Copyright lawsuit proceeds against Disney and Pixar

 From The National Post.

If you were a student of animation at Sheridan College in Oakville, Ont., twenty years ago, you probably saw a 14-minute live-action low-budget student production about the internal life of a boy called Lewis and how his behaviour is controlled by five organs, each personified as a character: Brain, Stomach, Colon, Bladder and Heart.

It was called Inside Out.


Likewise, if you were young at heart in 2015, you almost certainly saw a blockbuster movie about the internal life of a girl called Riley and her personified emotions, Joy, Sadness, Anger, Fear and Disgust, in a story about memory and moving to a new city, involving the loss of Riley’s imaginary friend, Bing Bong, in one of the most devastating animated deaths since Bambi’s mother.


 Its worldwide gross for Disney was more than $850 million, plus an Oscar, and it was also called Inside Out.

Whether that coincidence is truly coincidental is at the heart of a long-running intellectual property dispute, in which the student, Damon Pourshian, has just scored a major win against Disney and its animation studio, Pixar. 

In short, an Ontario court has green lit his case against half a dozen Disney subsidiaries, in which a payout of millions of dollars is at stake.

Sheridan has a reputation as a major source of high-level animation talent. 

So it is conceivable that a student project at Sheridan was on the radar of some serious American movie makers, as Pourshian alleges.

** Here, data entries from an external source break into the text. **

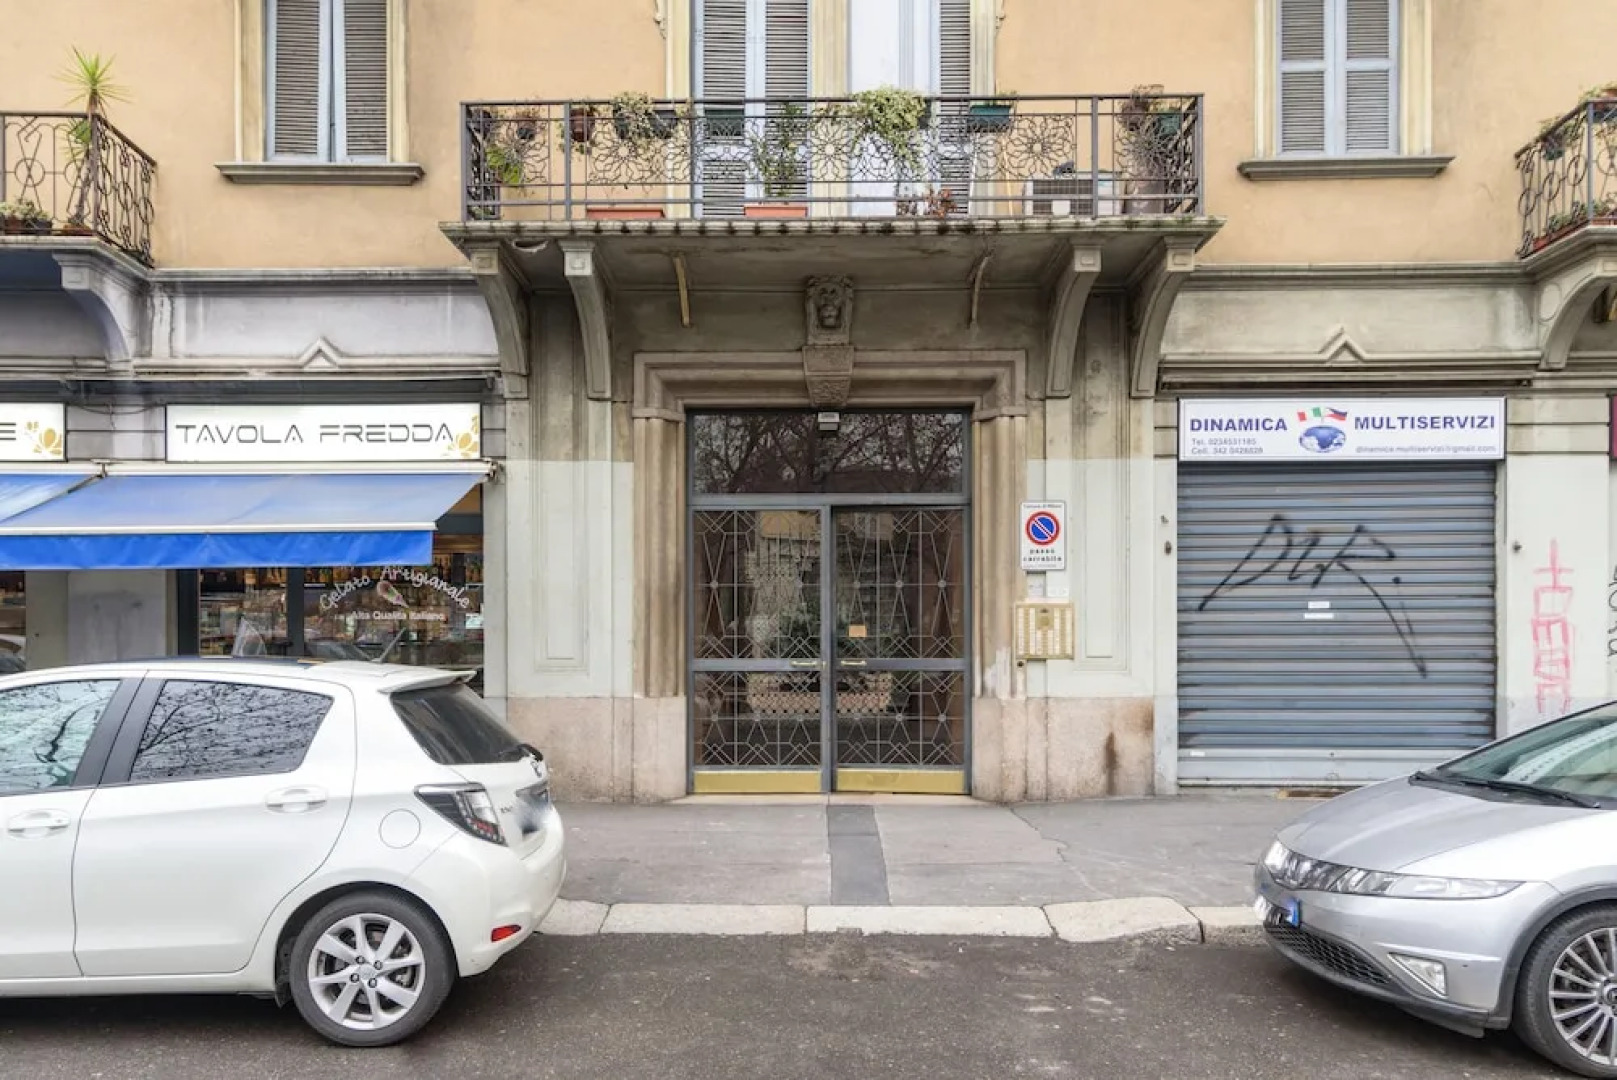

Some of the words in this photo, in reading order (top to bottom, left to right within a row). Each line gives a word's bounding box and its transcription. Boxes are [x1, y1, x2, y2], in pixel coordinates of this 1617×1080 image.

[175, 424, 304, 444] TAVOLA
[319, 423, 454, 442] FREDDA
[1190, 418, 1287, 431] DINAMICA
[1354, 416, 1495, 429] MULTISERVIZI
[319, 574, 371, 612] Gelato
[380, 565, 470, 609] Artigianale

He claims Disney had access to various campus screenings of his film, which won the People’s Choice Award at an annual showcase, and that some of his classmates at the time were recruited by Disney and Pixar. 

His statement of claim even names four former students who worked for Pixar on Inside Out, but they are not defendants in the lawsuit.

His claim describes similarities in the plot, even down to minor details like eating cereal from a yellow carton, a teacher asking a question that puts the protagonist on the spot, eating lunch alone, and getting a kiss from mother at night.

Both movies even include a mock commercial that highlights advertising’s power over this five-person control room.

These similarities “extend from the title, to overarching themes, to minute and specific details — none of which can be the result of coincidence,” reads Pourshian’s statement of claim.

His legal documents include a chart making the case that Pixar’s Joy character is based on Pourshian’s Heart, as both are upbeat and sentimental; Brain and Fear are both tightly wound nerdy male characters prone to panic; Stomach and Anger are irritable, impulsive and self-centred; Colon and Disgust protect the protagonist’s health, and Bladder and Sadness both feel ignored and of diminished importance, and “large eyewear that obscures their faces.” 

For Sadness it is glasses, for Bladder a scuba mask.